Figure 3.3.: Figures show the two possible visualization options of contributions to activity. In both cases, GPV0265 and GPV0049 (see appendix B) are displayed. The MLCS is not shown.

Wirespheres as Visual Marker for Activity

In contrast to a simple colouring which is using pre-existing objects like bonds or atoms, the MIBALS approach ([54], see also section 2.2) draws new objects in order to visualize its model fragment scores, so-called graphic object spheres. These are wireframe models of spheres, which radii are dependent on the score of each fragment. The only source of estimating the value of the score is therefore the object size, as the colouring is just red or grey. The function wiresphereAtoms[]implements the wiresphere creation procedure in our script.

The graphical object has to be defined using GCreate, then a vertex object is established as a wiresphere model, for which an own MOE graphical function G_WireSphere is provided. It accepts four parameters, apart from colour and position a radius for the sphere and a quality parameter, which can be defined from “poor” (0) to “excessive” (4) or even higher [34, Graphics Object Functions]. We decide for 2 as a compromise. If speed problems occur with wirespheres, setting this parameter to 1 might be a good approach. The creation of the sphere itself is then done by GVertex combining the generic graphics object with the parameters set up by

G_Wiresphere.

As the spheres’ radii are based on the absolute values of contribution, their sizes can differ extremely. Very large spheres can even be bigger than the whole molecule, thus the middle- points of the spheres, which are identical with the atoms, are difficult to determine, resulting in a problematic assignment task, difficult interpretation and a potentially hidden textual value representation. Very small spheres make comparisons impossible. To overcome that problem, we implement a scaling feature wirespherefactor.
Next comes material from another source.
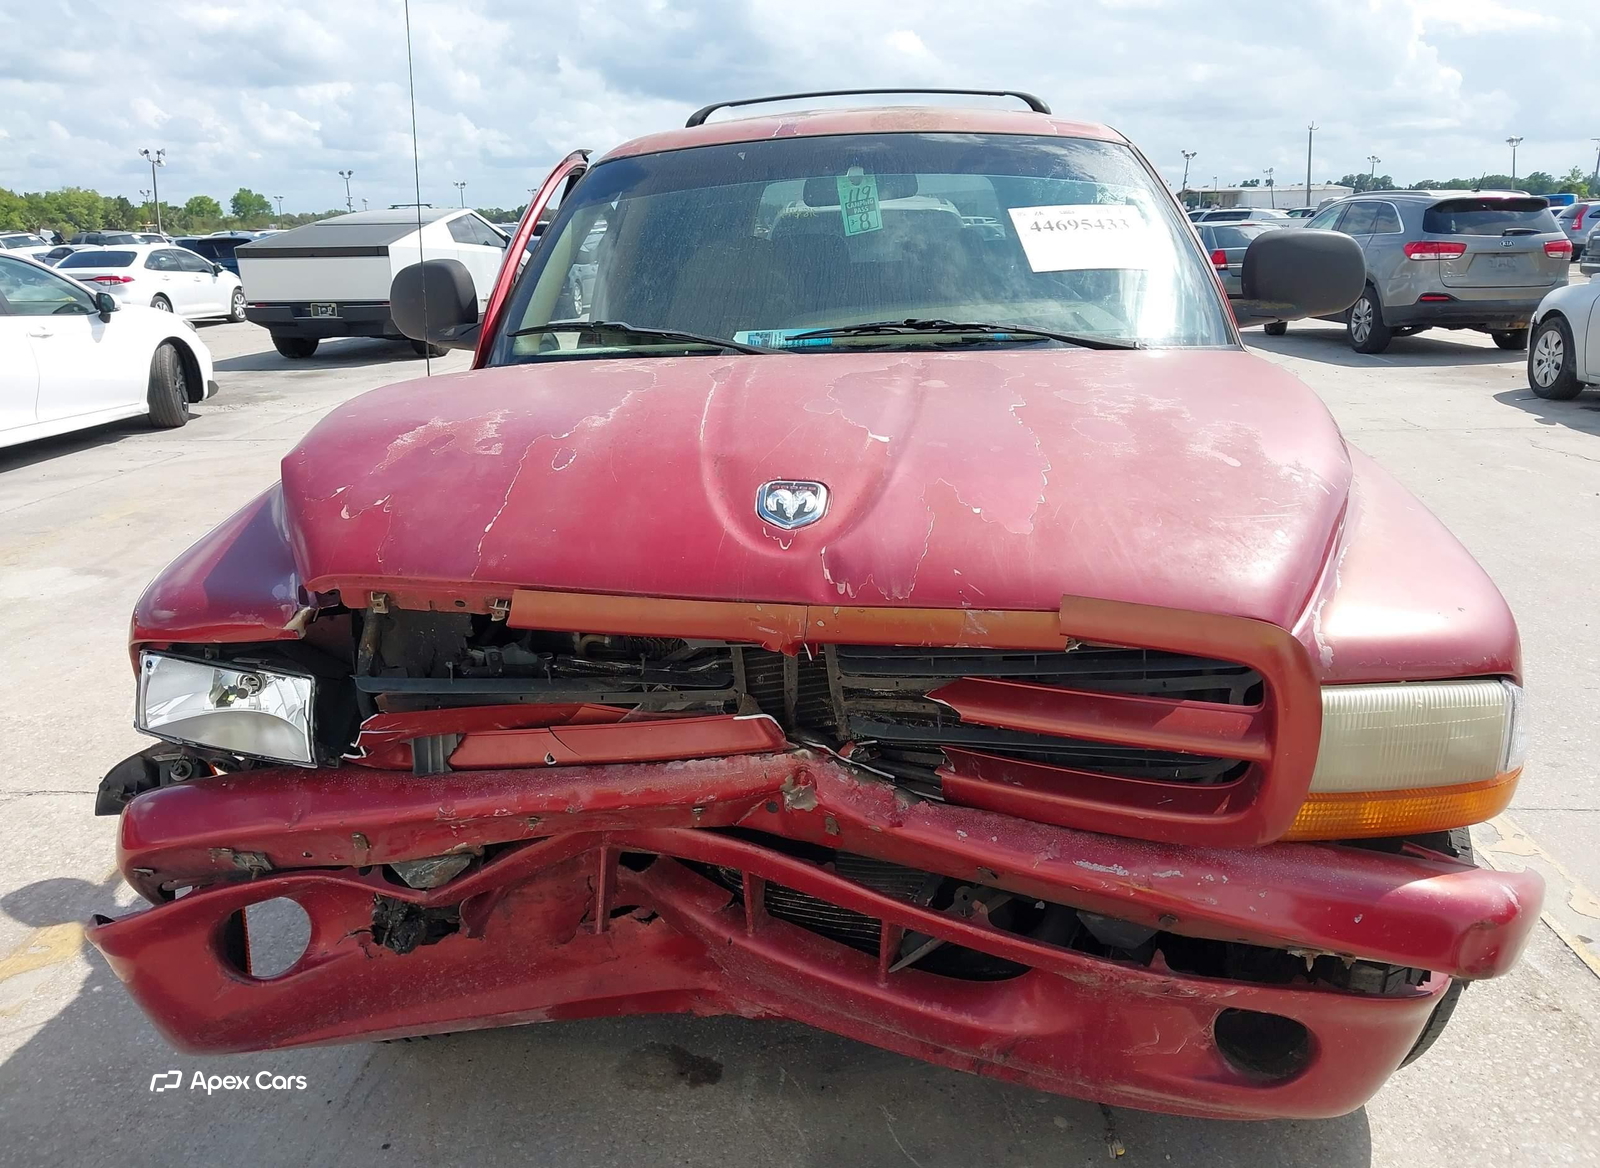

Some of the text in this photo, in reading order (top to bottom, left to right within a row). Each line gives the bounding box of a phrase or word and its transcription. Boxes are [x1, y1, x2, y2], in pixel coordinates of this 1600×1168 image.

[846, 199, 874, 209] CAMPING
[854, 206, 869, 214] PASS
[1030, 219, 1130, 232] 44695433
This factor is used to resize all visible spheres by entering numeric values, the standard being two. It is accessible via the graphical user interface on “Options” tab and only active if “Display Mode” is switched to “Wirespheres” (see section 3.5.1).

Apart from slow creation when displaying more than one molecule (see section 3.4.5), the wiresphere model offers many advantages. As the original molecule can be seen, determination of elements or other MOE implemented features is possible. Additionally, the spheres double- code the values: On the one hand, the colour equals that of the bond colouring, on the other hand the size of the spheres is adapted to the value. For an example, refer to figure 3.3b.